About this exercise:
Make a verbatim transcription of the records, without the pictures.

Supplied material:
══════════════════════════════
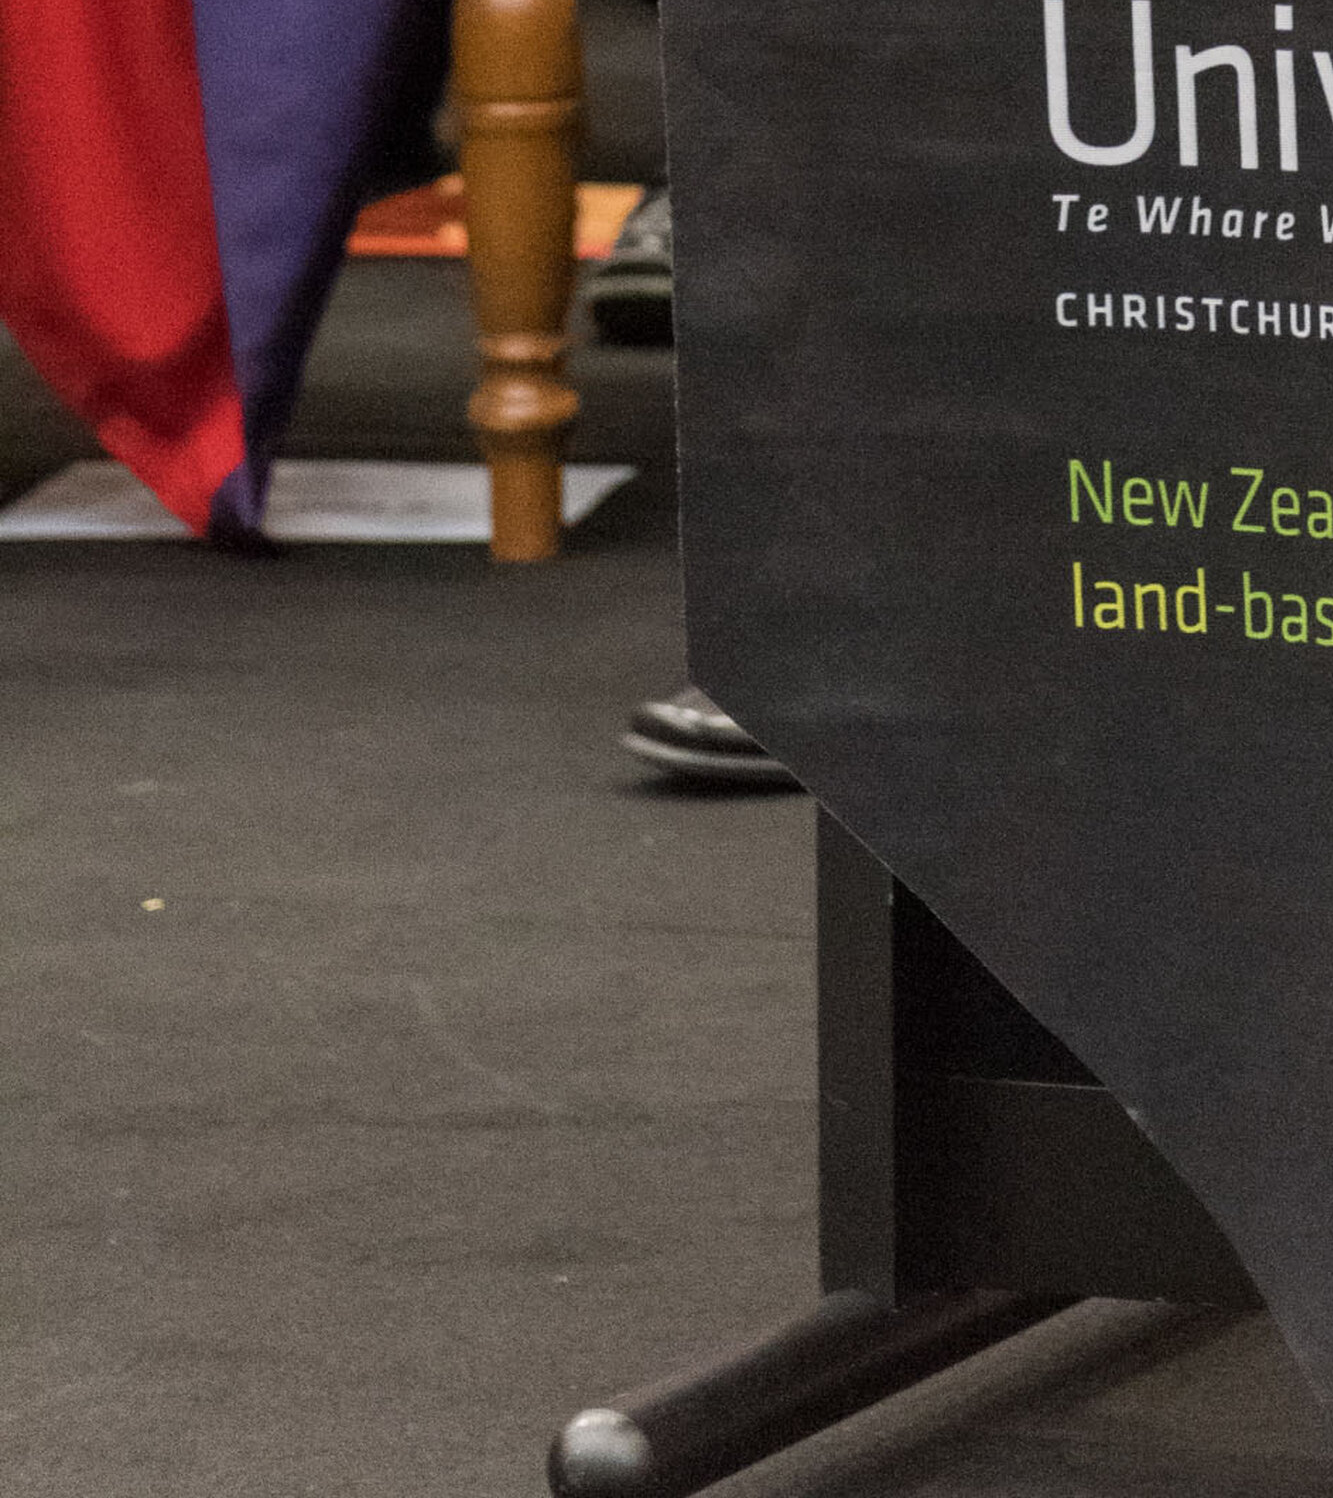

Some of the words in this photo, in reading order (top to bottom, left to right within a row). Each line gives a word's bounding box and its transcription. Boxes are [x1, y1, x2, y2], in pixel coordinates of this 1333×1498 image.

[1051, 192, 1109, 233] Te
[1136, 194, 1297, 242] Whare
[1069, 458, 1210, 530] New
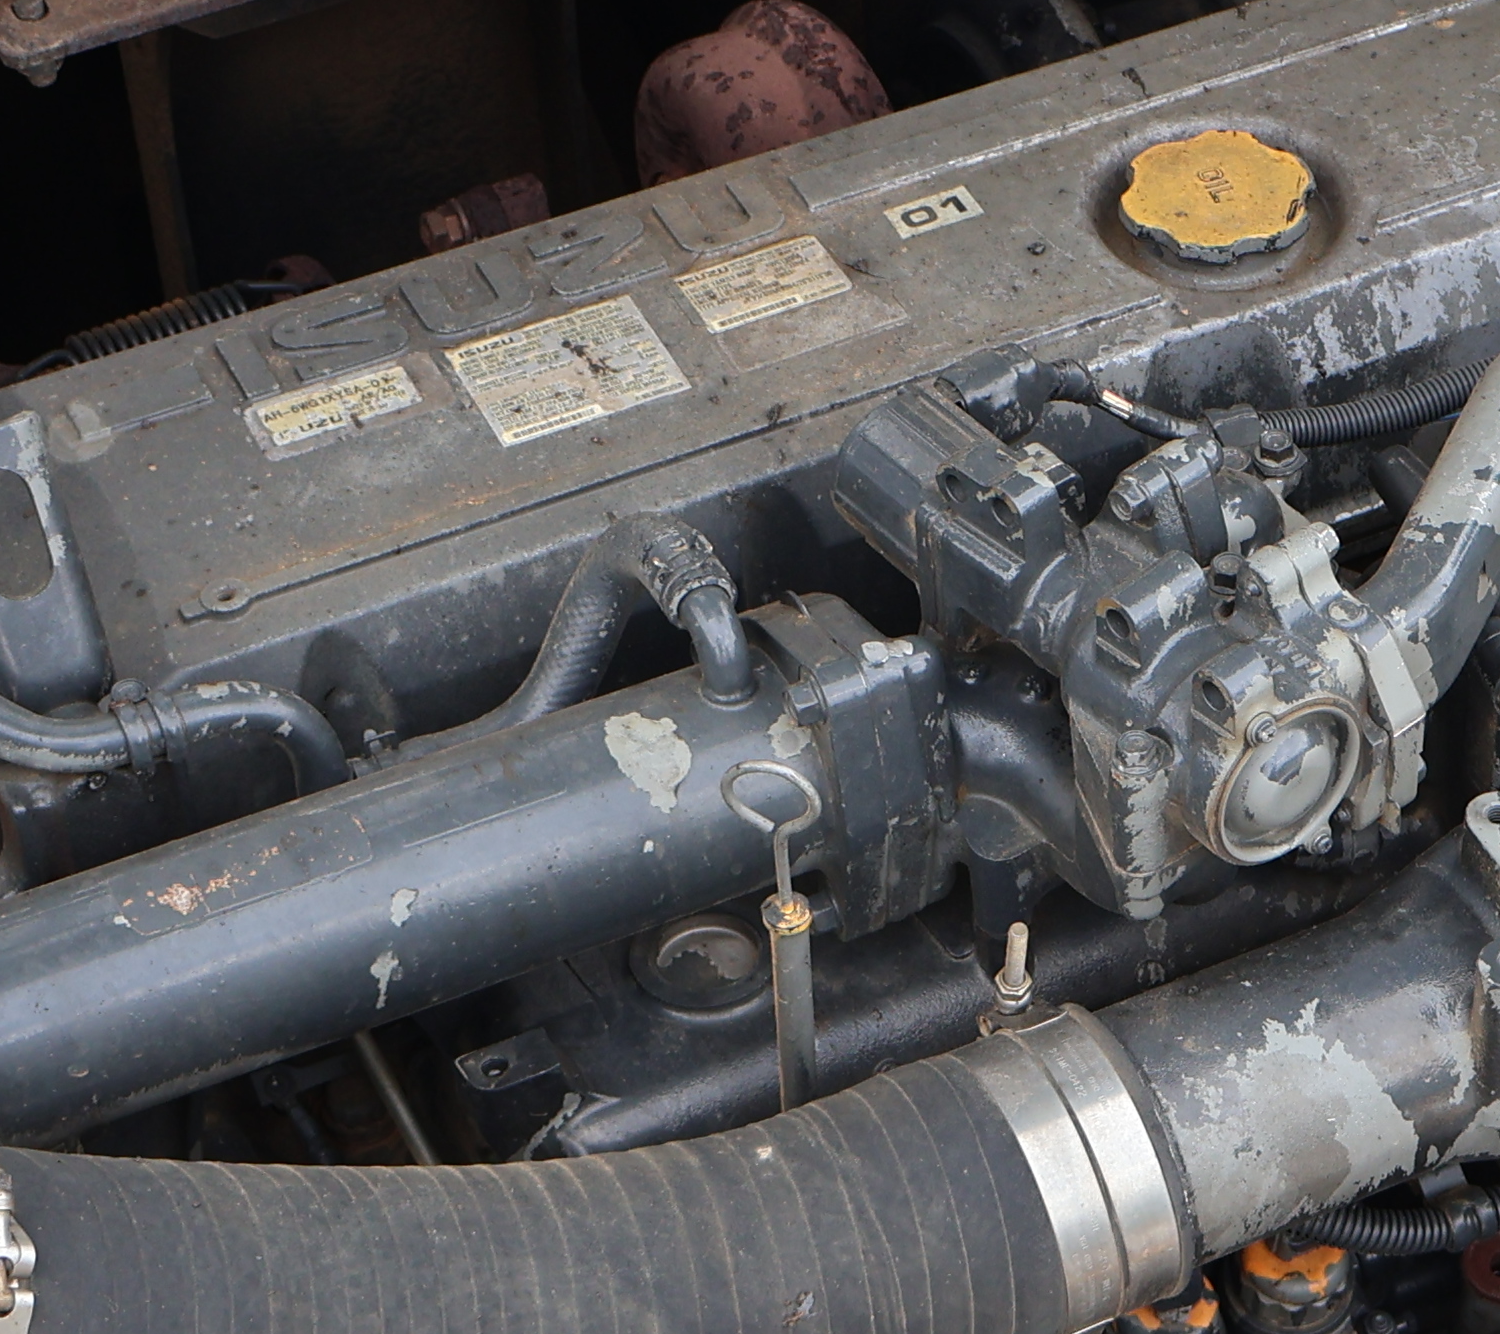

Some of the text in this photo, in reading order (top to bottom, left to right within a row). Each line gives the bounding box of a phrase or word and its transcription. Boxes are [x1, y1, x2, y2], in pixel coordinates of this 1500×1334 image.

[1196, 167, 1234, 204] OIL
[900, 195, 969, 229] 01
[214, 177, 786, 402] ISUZU
[457, 336, 515, 360] ISUZU
[278, 411, 344, 440] IUZU
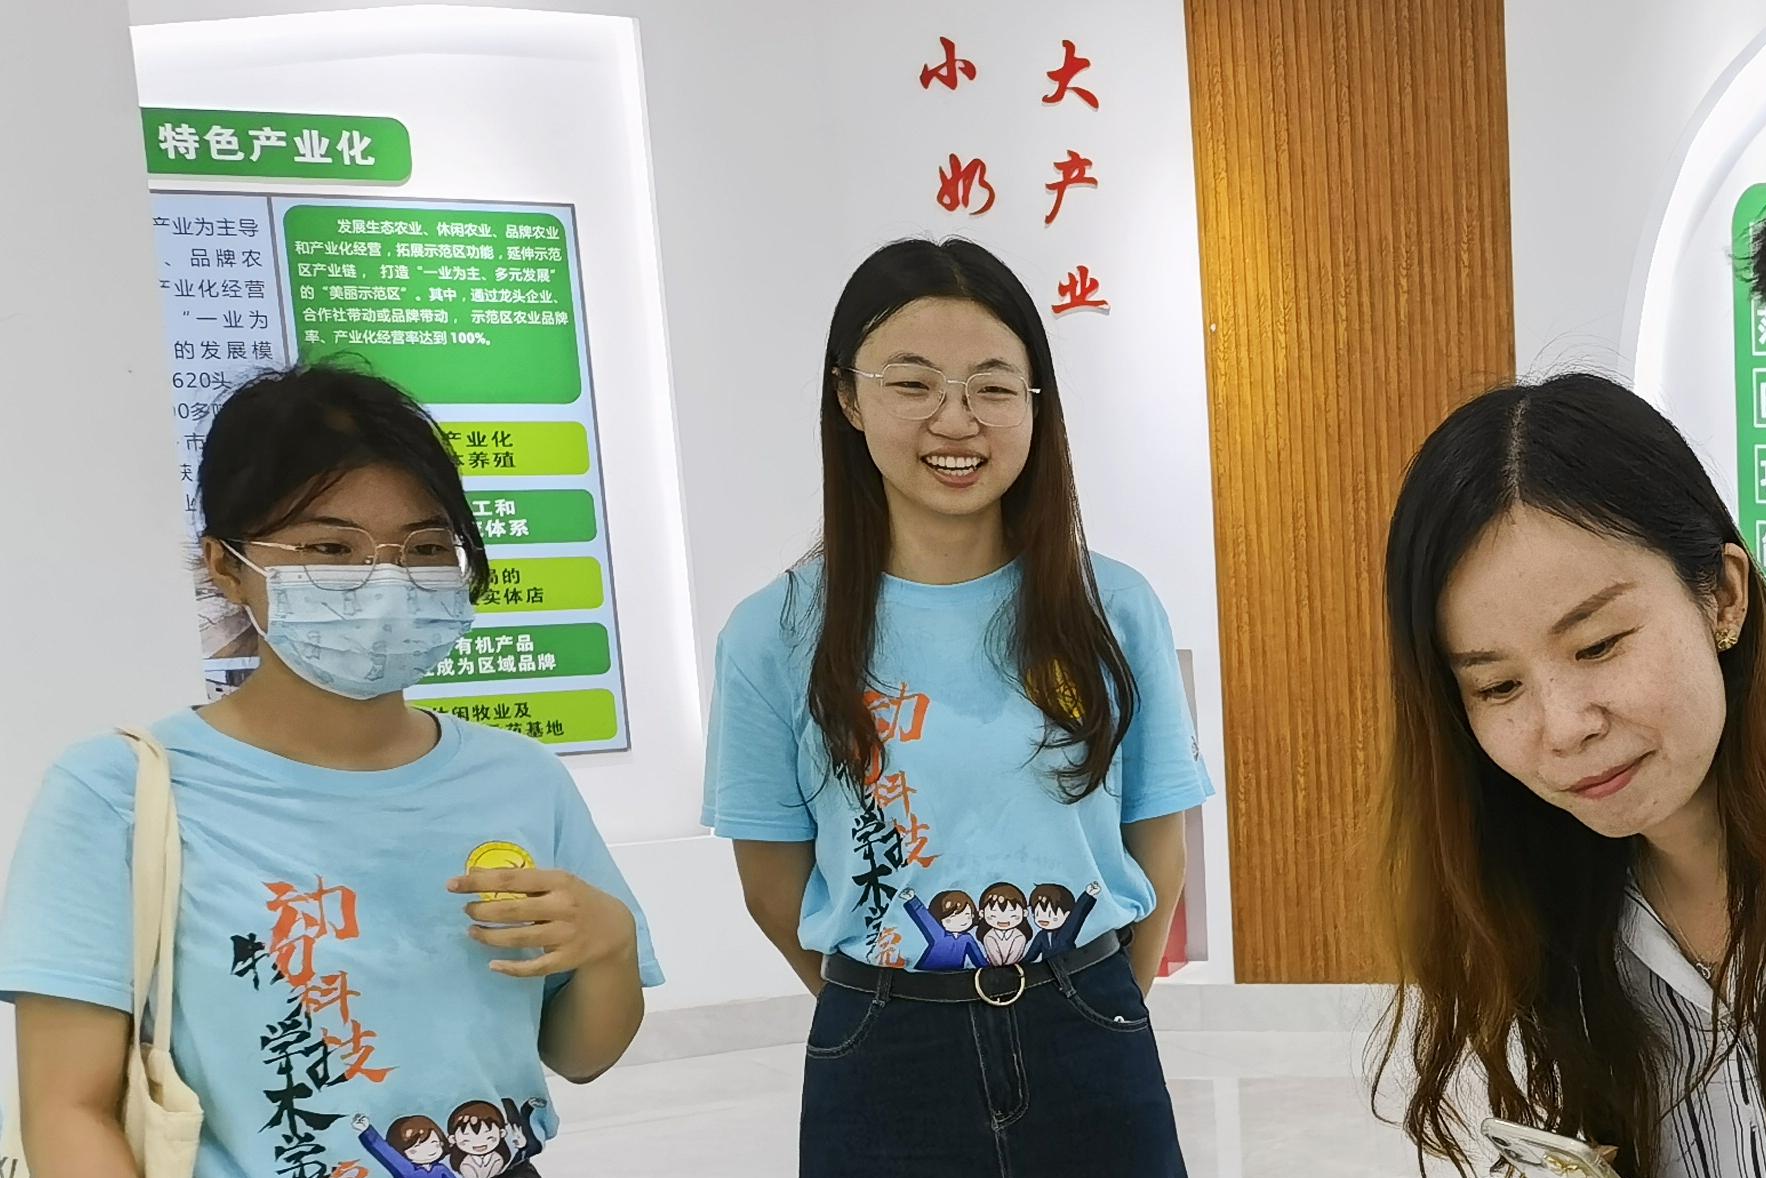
══════════════════════════════
Reply to the exercise:
Some of the words in this photo, in reading order (top to bottom, left to right within a row). Each line gives a word's bounding box and its transcription. Boxes are [x1, y1, x2, y2], in pixel coordinates of this 1333×1498 image.

[1051, 192, 1109, 233] Te
[1136, 194, 1297, 242] Whare
[1069, 458, 1210, 530] New

Some of the text in this photo, in reading order (top to bottom, left to right within a row). Each line gives the bounding box of a phrase or word and its transcription. Boxes are [x1, y1, x2, y2], in pixel coordinates of this 1500×1334 image.

[1196, 167, 1234, 204] OIL
[900, 195, 969, 229] 01
[214, 177, 786, 402] ISUZU
[457, 336, 515, 360] ISUZU
[278, 411, 344, 440] IUZU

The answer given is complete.